Respir Care. 2020 Sep;65(9):1367-1377. doi: 10.4187/respcare.07561.


Background: Bedside monitors in the ICU routinely measure and collect patients' physiologic data in real time to continuously assess the health status of patients who are critically ill. With the advent of increased computational power and the ability to store and rapidly process big data sets in recent years, these physiologic data show promise in identifying specific outcomes and/or events during patients' ICU hospitalization.

Methods: We introduced a methodology designed to automatically extract information from continuous-in-time vital sign data collected from bedside monitors to predict if a patient will experience a prolonged stay (length of stay) on mechanical ventilation, defined as >4 d, in a pediatric ICU.

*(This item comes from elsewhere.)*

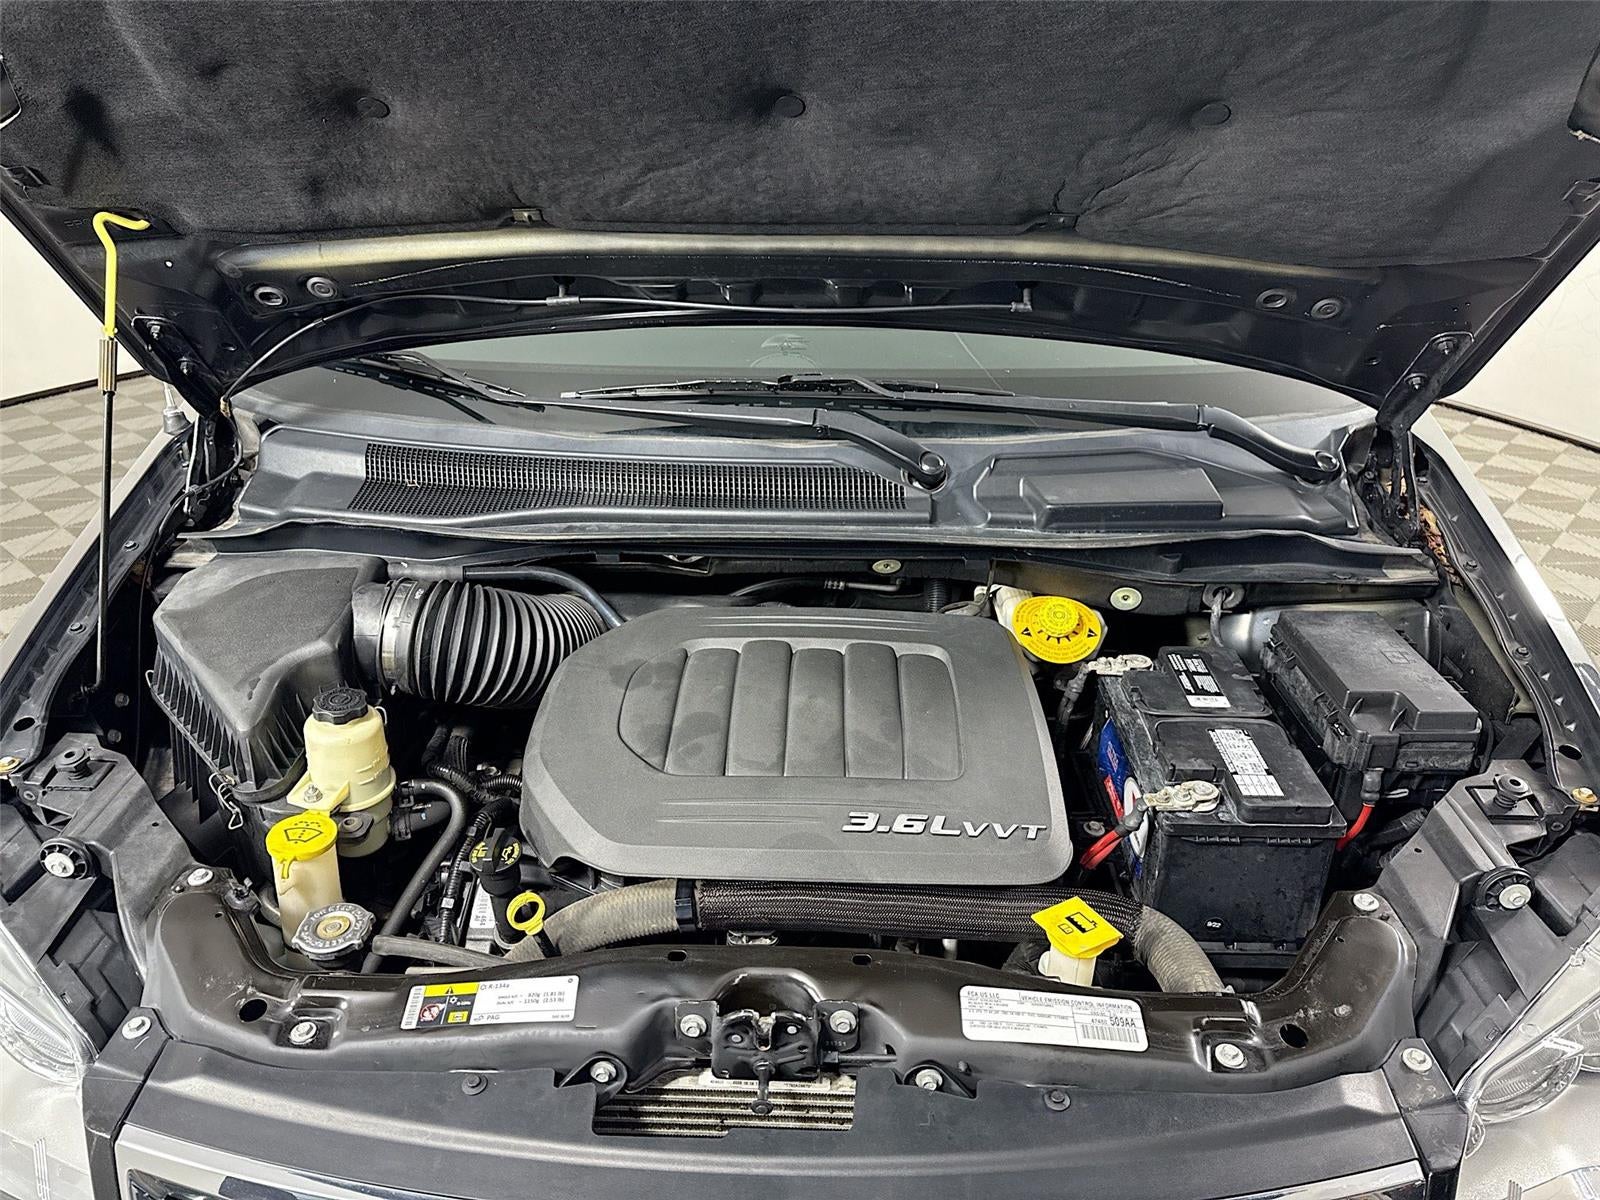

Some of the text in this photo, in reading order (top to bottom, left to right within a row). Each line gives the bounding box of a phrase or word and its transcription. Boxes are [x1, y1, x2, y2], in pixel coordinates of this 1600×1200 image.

Results: Continuous-in-time vital signs information and clinical history data were retrospectively collected for 284 ICU subjects from their first 24 h on mechanical ventilation from a medical-surgical pediatric ICU at Boston Children's Hospital. Multiple machine learning models were trained on multiple subsets of these subjects to predict the likelihood that each of these subjects would experience a long stay. We evaluated the predictive power of our models strictly on unseen hold-out validation sets of subjects. Our methodology achieved model performance of >83% (area under the curve) by using only vital sign information as input, and performances of 90% (area under the curve) by combining vital sign information with subjects' static clinical data readily available in electronic health records. We implemented this approach on 300 independently trained experiments with different choices of training and hold-out validation sets to ensure the consistency and robustness of our results in our study sample. The predictive power of our approach outperformed recent efforts that used deep learning to predict a similar task.

Conclusions: Our proposed workflow may prove useful in the design of scalable approaches for real-time predictive systems in ICU environments, exploiting real-time vital sign information from bedside monitors. ( registration NCT02184208.).

Keywords: big data in medicine; biomedical and health data science; clinical decision making; critical care; data driven machine learning; decision support systems; intensive care; length of stay; length of stay estimation; machine learning; mechanical ventilation; pediatrics; precision medicine; prediction; predictive analytics.